Perspective on the Deepmind — EBI AlphaFold Database and how we at Nexco can put these new bioinformatics tools to work for you

Reported in two back-to-back Nature papers, we at Nexco can directly put these tools to work for you

Figure composed by the authors from Dall-E 2 generations and screenshots from PyMOL v0.99.

When in 2021 Deepmind made available to the scientific community its star AI model for protein structure prediction, CASP-winning AlphaFold 2, it didn’t stop there. Rather, it allied with the European Institute of Bioinformatics to create the biggest-ever database of confident protein structure models in an attempt to chart the whole “protein universe”. The AlphaFold Protein Structure Database (AFDB) was then born, which as of today contains models for over 200 million proteins. Browsing, managing and understanding structural models at this scale presents many challenges, that these new tools tackle thus allowing scientists to more easily get the flesh out of the huge, rich structural dataset.

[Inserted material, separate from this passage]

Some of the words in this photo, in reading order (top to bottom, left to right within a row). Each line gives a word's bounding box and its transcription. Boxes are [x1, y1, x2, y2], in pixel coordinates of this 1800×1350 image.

AlphaFold 2 and the AFDB are game-changers because they address an unmet need in the life sciences: while modern genomics profits from DNA sequencing at an unprecedented rate and low costs, determining the three-dimensional structures of the proteins encoded in the sequenced genes remains a major bottleneck in terms of time and money, precluding downstream analyses and experimentation. AlphaFold 2 solves a big chunk of the problem by using AI to predict structures quite accurately and accompanied by rich quality estimates. AlphaFold 2 and the AFDB thus represent major breakthroughs for protein biotechnology, diagnostics, and personalized treatments.

To help navigate and analyze the vast amount of structural data in the AFDB, two new web resources came out together with new methods and tools developed ad hoc to solve the problems arising from the large-scale nature of the dataset. One paper introduces clustering algorithms to group the 200 million protein structures in the AFDB down by 2 orders of magnitude to “just” 2.3 million clusters that you can browse right online; and another paper connects AFDB entries to UniProt and PFam annotations charting the whole “protein universe” in a quite graphical and easy-to-browse fashion.

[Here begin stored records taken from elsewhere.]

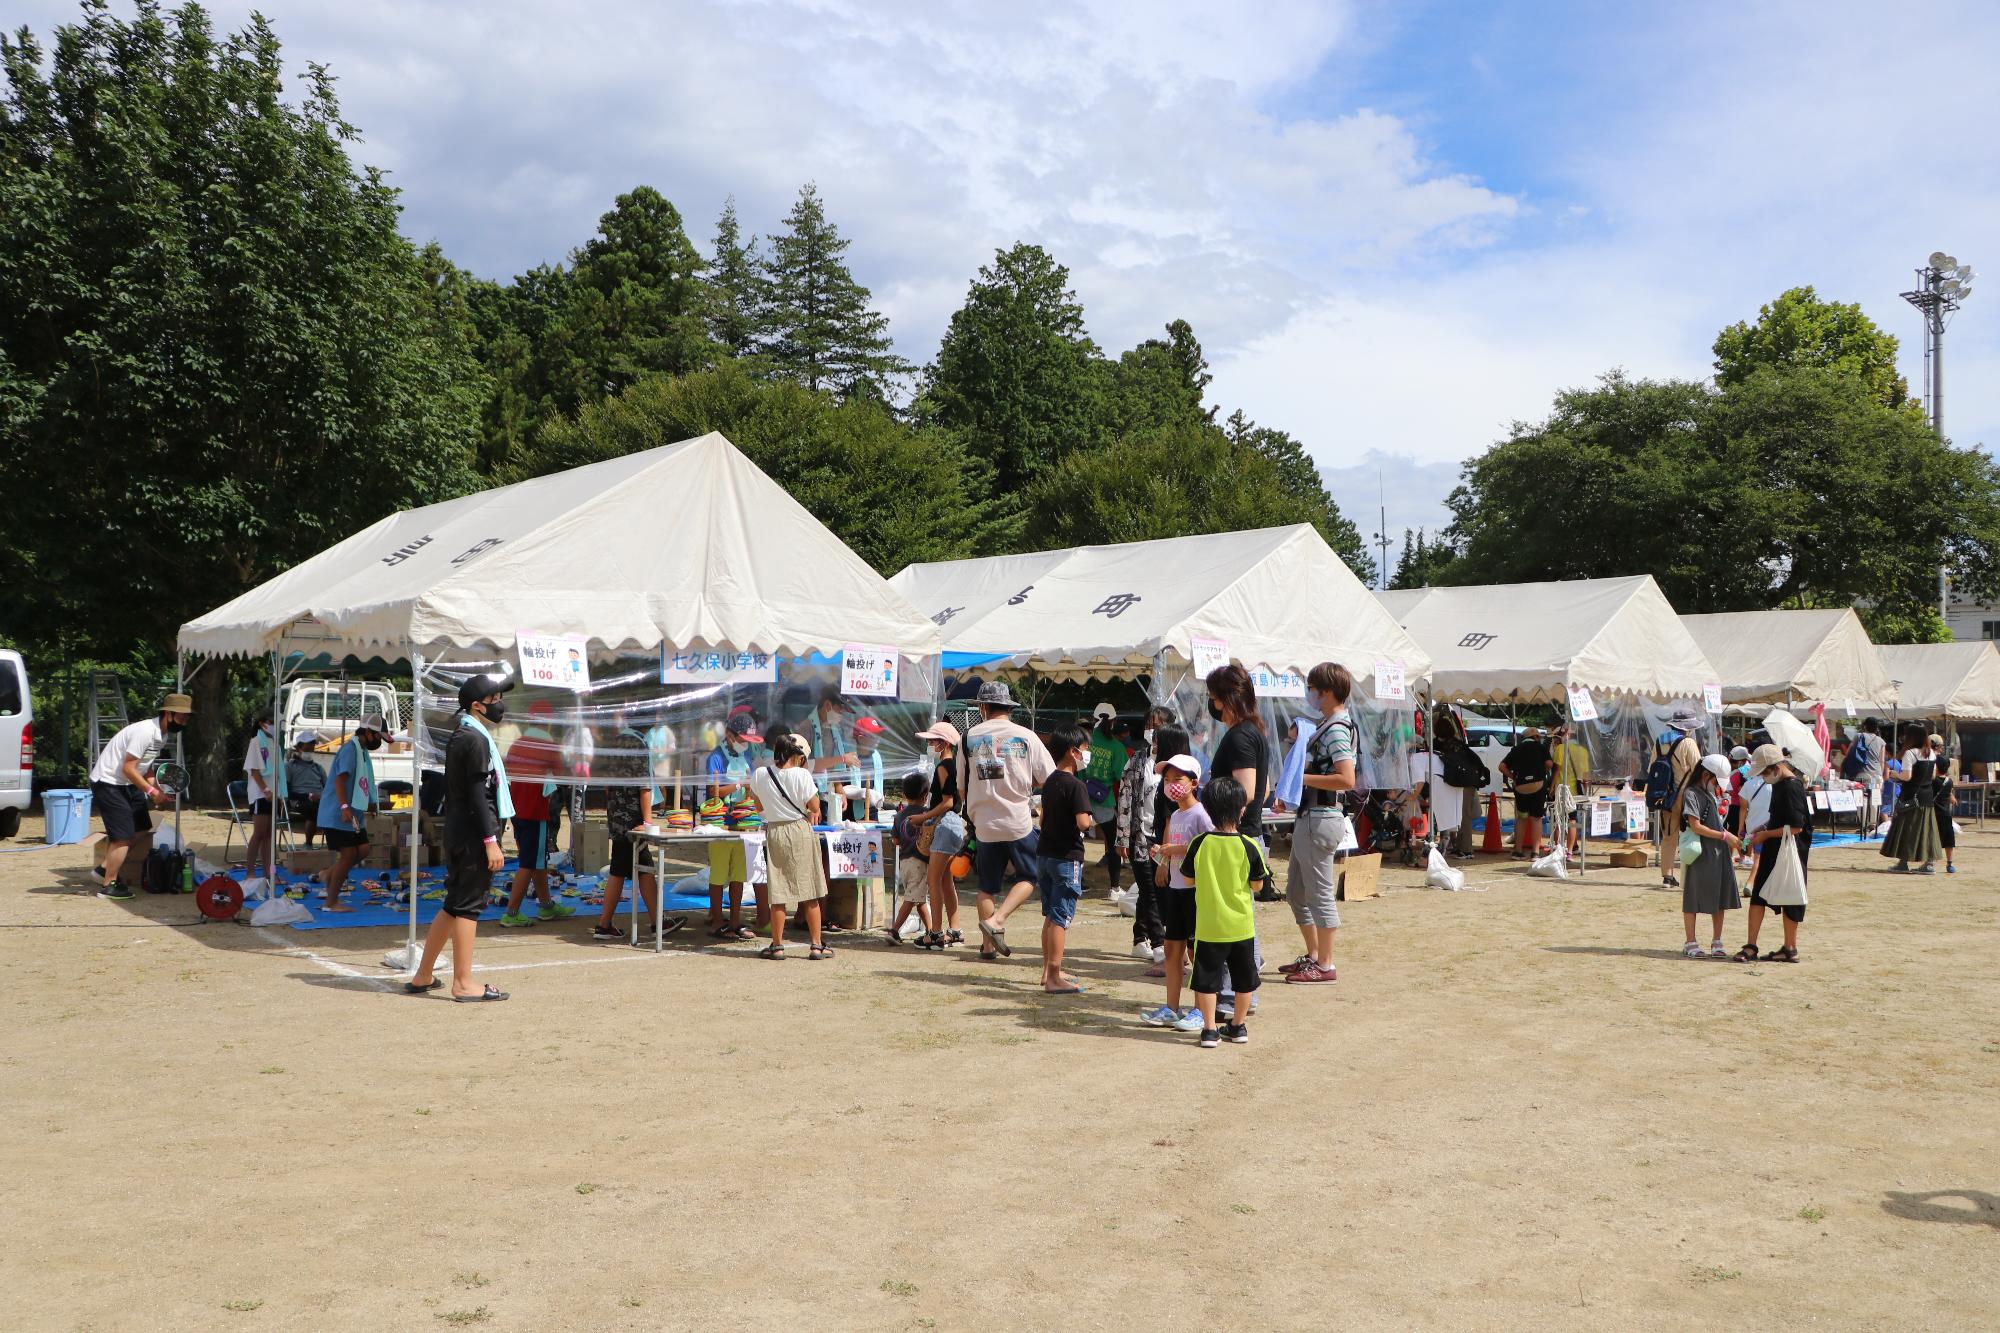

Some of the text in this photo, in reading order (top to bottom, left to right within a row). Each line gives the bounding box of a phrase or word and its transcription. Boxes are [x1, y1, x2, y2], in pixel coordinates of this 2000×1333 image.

[1457, 633, 1498, 651] 町
[523, 646, 556, 660] 輪投げ
[672, 652, 768, 671] 七久保小学校
[846, 658, 875, 670] 輪投げ
[832, 841, 861, 854] 輪投げ

In “Clustering-predicted structures at the scale of the known protein universe”, Barrio-Hernandez and colleagues employ innovative clustering algorithms based on Foldseek to efficiently group the 200 million protein structures within the AFDB. This approach unveils a staggering 2.30 million non-singleton structural clusters, including 31% previously uncharacterized protein structures. These clustering opens doors to unexplored territories in the “protein universe”, offering glimpses into ancient origins and potential species-specific functions.

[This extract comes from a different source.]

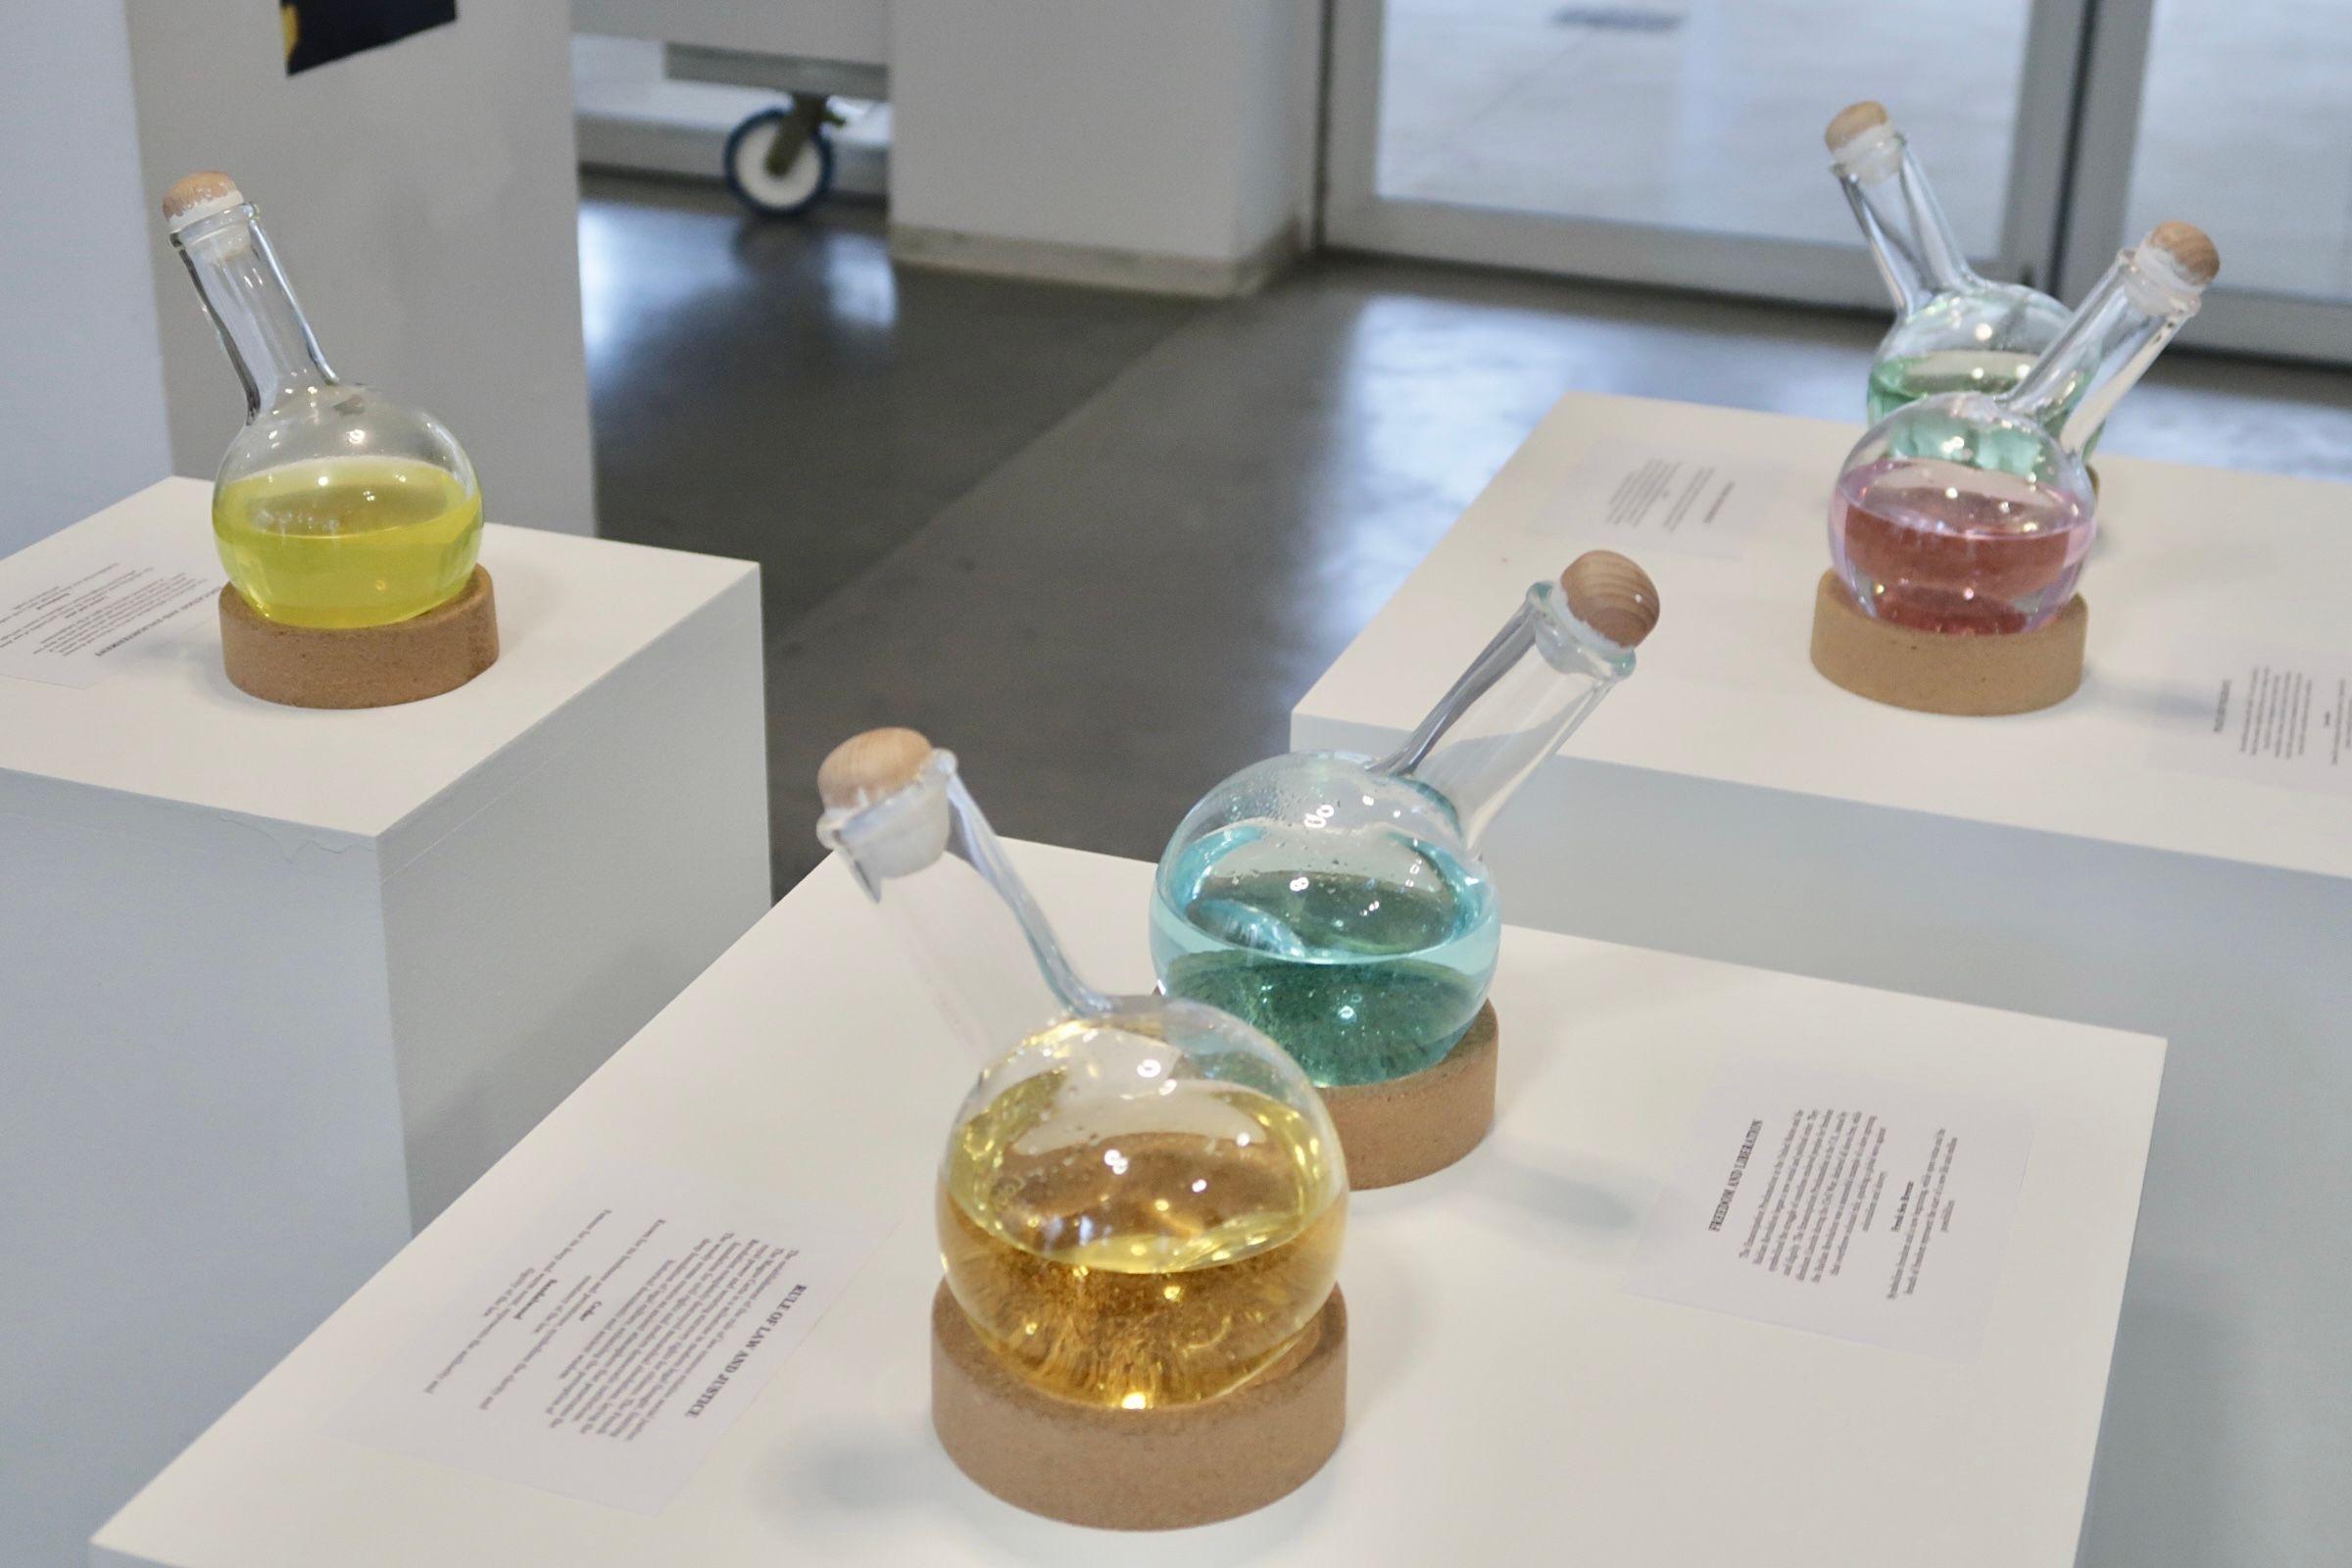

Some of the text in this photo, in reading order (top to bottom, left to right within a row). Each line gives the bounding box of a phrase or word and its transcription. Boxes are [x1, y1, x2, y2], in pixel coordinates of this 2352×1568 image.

[1708, 1189, 1736, 1232] FREEDOM
[1728, 1169, 1742, 1189] AND
[685, 1284, 807, 1417] RULE OF LAW AND JUSTICE

The second paper, “Uncovering new families and folds in the natural protein universe”, by Durairaj and collaborators, delves into the “dark matter” of protein diversity connecting entries of the AFDB directly to UniProt and PFam annotations. This resource presents the models clustered at different levels, whose deep inspection allowed its creators to detect some novel folds and other peculiar features of protein families.

Perspective on AFDB and how we at Nexco can put these new tools to work for you

While mainly of fundamental nature, the revolution of AI for structural biology is already starting to resound directly in the field of protein biotechnology and will sooner or later also impact clinical applications in the form of more accurate diagnostics and personalized treatments. In fact, Deepmind itself is already attempting to cement the grounds for such an endeavor, as we covered recently in our blog post reporting on their latest tool, AlphaMissense, which outperforms all other methods for the prediction of missense mutations in proteins and is based on AlphaFold at its core.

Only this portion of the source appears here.